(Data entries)
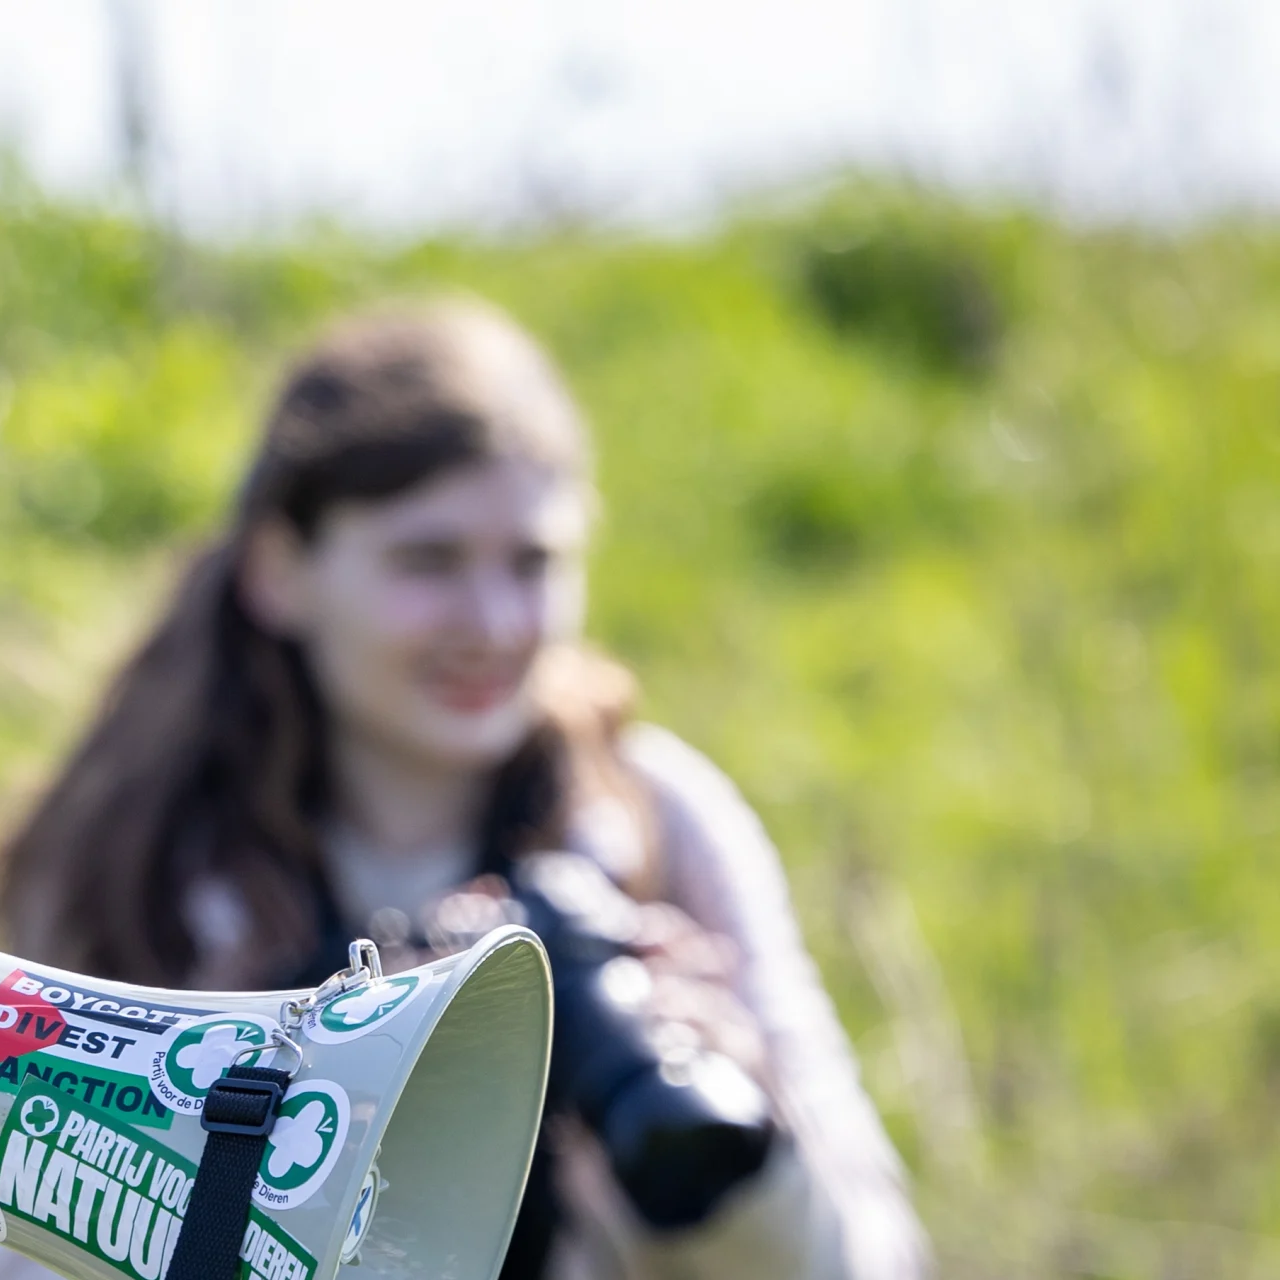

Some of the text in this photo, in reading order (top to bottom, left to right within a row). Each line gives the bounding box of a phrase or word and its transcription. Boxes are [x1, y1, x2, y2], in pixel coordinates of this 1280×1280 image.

[11, 976, 200, 1025] BOYCOTT
[151, 1051, 191, 1109] Partij voor de
[57, 1110, 153, 1188] PARTIJ
[258, 1184, 289, 1203] Dieren
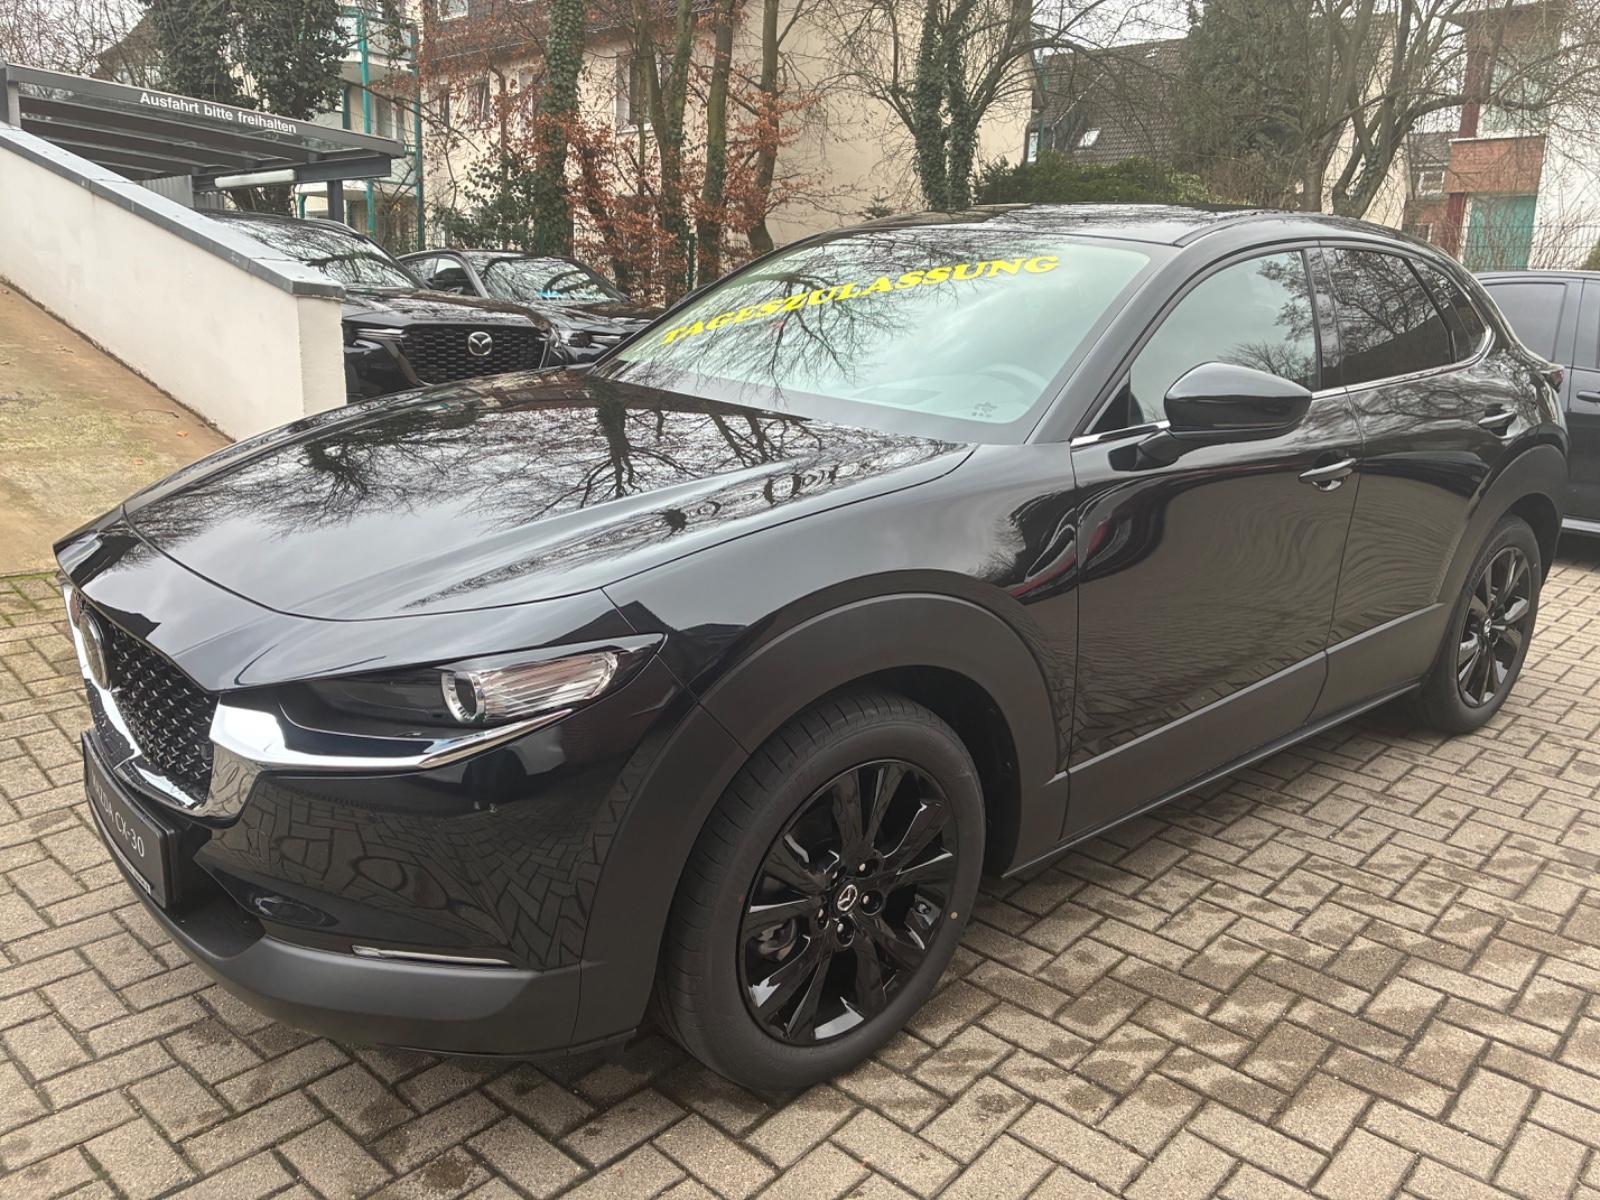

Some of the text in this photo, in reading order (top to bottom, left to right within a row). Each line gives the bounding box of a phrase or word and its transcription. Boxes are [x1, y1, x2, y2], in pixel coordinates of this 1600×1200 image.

[140, 91, 297, 134] Ausfahrt bitte freihalten
[661, 256, 1059, 347] TAGESZULASSUNG
[115, 811, 145, 858] CX-30
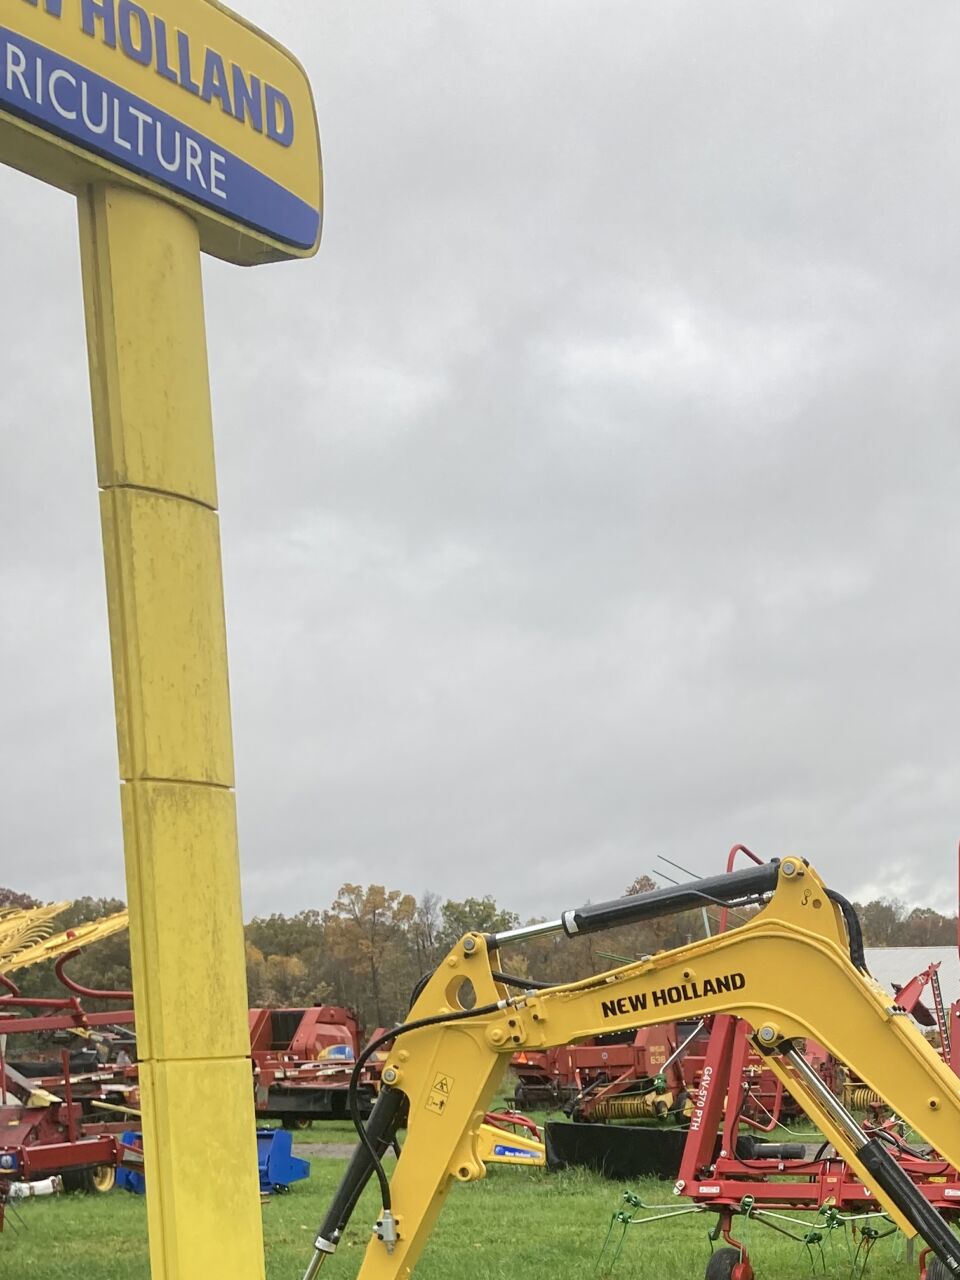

> Exercise
Could the data be reproduced exactly, with the pictures omitted?

> Expected answer
Some of the text in this photo, in reading order (top to bottom, left to right within a row). Each line gives the bounding box of a phrase or word and its transcription. Boxes are [x1, y1, x2, y2], in pixel coordinates of this 1280×1280 image.

[11, 976, 200, 1025] BOYCOTT
[151, 1051, 191, 1109] Partij voor de
[57, 1110, 153, 1188] PARTIJ
[258, 1184, 289, 1203] Dieren

Some of the text in this photo, in reading order (top to bottom, left to right within a row). Each line gives the bounding box of a phrase or word and its transcription. Boxes are [x1, y1, x2, y2], in pixel coordinates of this 1600×1200 image.

[140, 91, 297, 134] Ausfahrt bitte freihalten
[661, 256, 1059, 347] TAGESZULASSUNG
[115, 811, 145, 858] CX-30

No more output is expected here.